The politicized wackos of the environmental movement make this harder. Some are simply insane, taken by the wind in quasi-religious rapture; some are merely politicians seeking wedges and mud to sling; and some are hustlers looking to make a buck. None are admirable humans seeking to govern well.
Most of society cares about good environmental governance but lacks the time or interest to become experts on the subject. They benefit greatly from an unpolluted information stream. When information is honestly presented with both hands - not just the left or the right - and when doubts and missing pieces are clearly noted, they can more easily make a mapping to their desires and values.
All that has happened is that the politicized environmental movement has been rejected and the Democrats lost an election they never had any hope of winning. They chose not to lose gracefully and build strength this time to pay dividends next time - a foolish political decision that leaves them worse off now than before the election with the same tasks to do only more so. The alignment of the politicized environmental movement with the Democrats guarantees them diminished influence in society and long periods wandering in what's left of the wilderness.
They don't matter, don't have the best interests of the environment or society in mind, and their defeat does not signal environmental decline or reduced rate of improvement. In many ways it's a great good thing because they have no useful ideas about environmental governance. All they have are criticisms. Their minds are frazzled by the demons that terrorize their gloomy, doomy dreams.
The task remains. Those who hold power now require our input and support as well as our judgements and decisions. They seem to be listening and have already done some sensible things, tossing dumb ideas out, ending pointless bureaucracies and taking new steps to do effective environmental governance.
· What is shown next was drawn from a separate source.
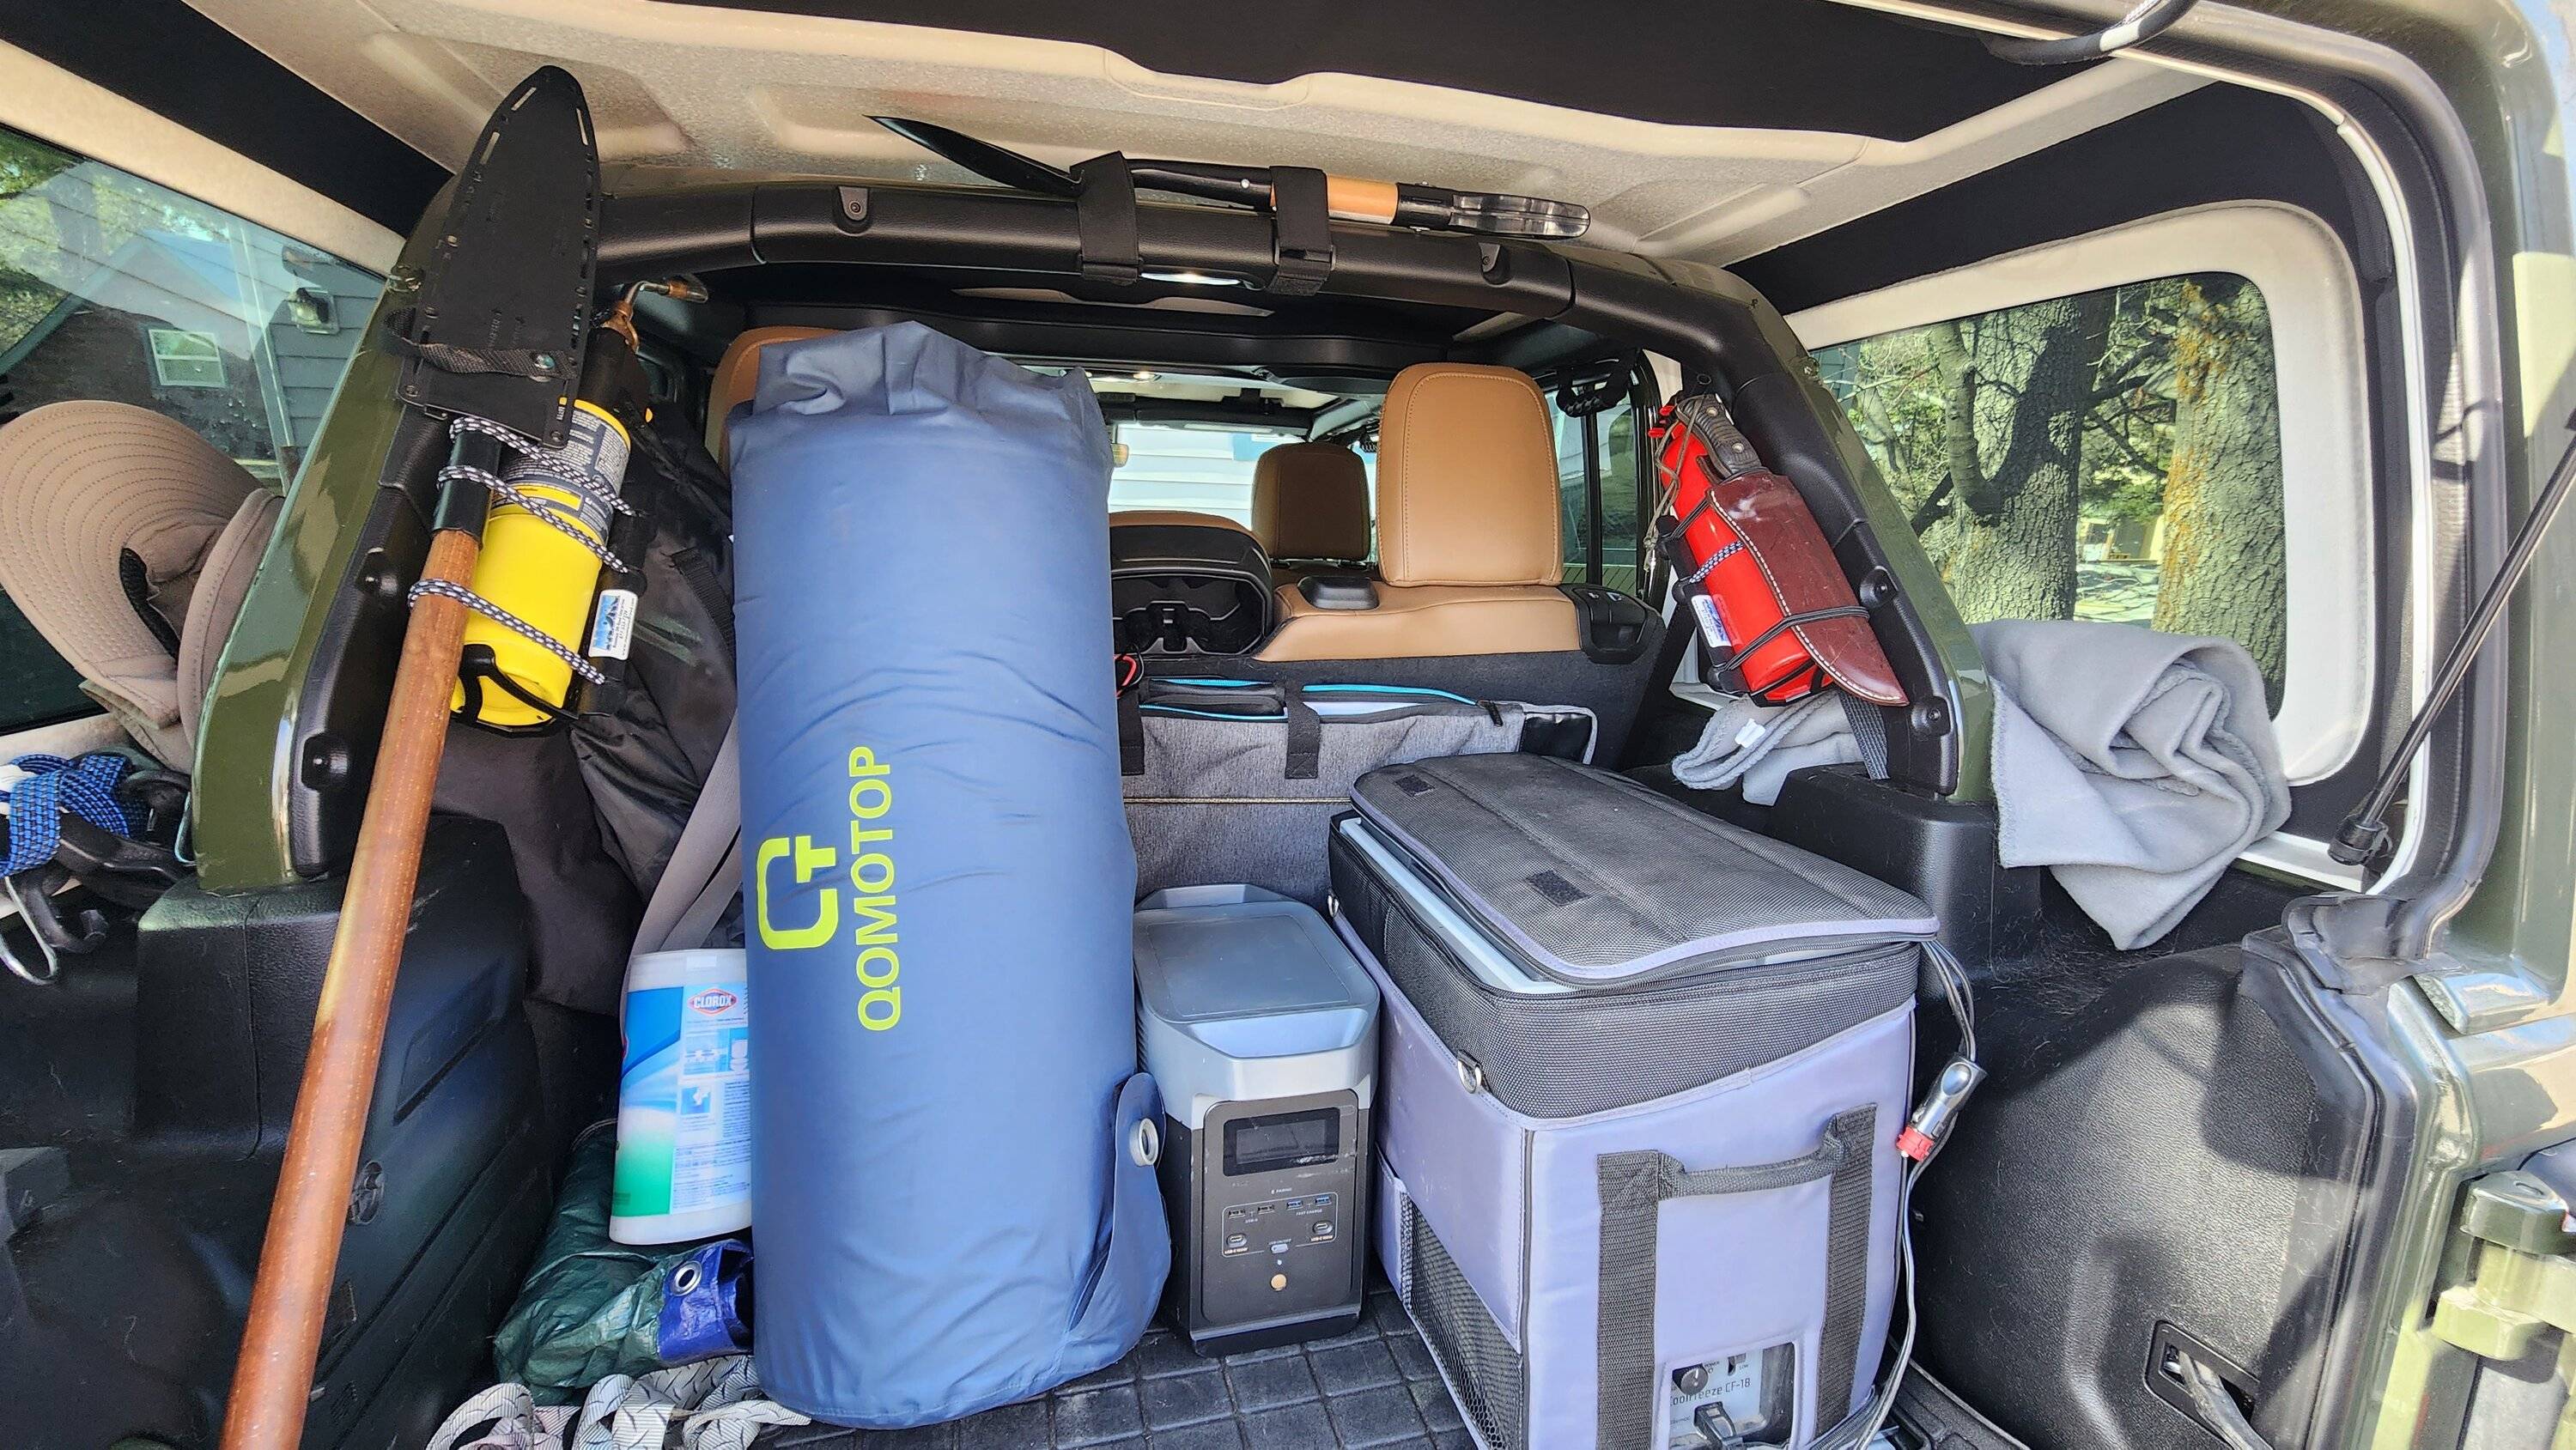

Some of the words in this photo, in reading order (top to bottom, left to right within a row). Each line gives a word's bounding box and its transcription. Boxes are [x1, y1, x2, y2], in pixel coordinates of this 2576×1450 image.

[848, 746, 901, 1030] QOMOTOP
[694, 994, 732, 1009] CLOROX
[1725, 1378, 1751, 1392] CF-18
What is needed now, as ever, is cooperation. It isn't about cooperating with the state, making and obeying rules, it's about cooperating with one another to accomplish shared objectives. We have shared problems, we all breathe the same air and otherwise inhabit and depend on the environment, so it's up to us to work out ways to live well and long together. When we agree to limits and protocols we are willing to observe for the good of all we can hire the state to do some of the paper work, but we can't expect them to come up with the plan. What do they know? What can they know? We're the ones on the ground in possession of the relevant information. We are in direct contact with other folks everywhere, both practitioners and academics, so there is nothing we need from politicians or bureaucrats except their labor. That's what we hired them for - frog, jump etc.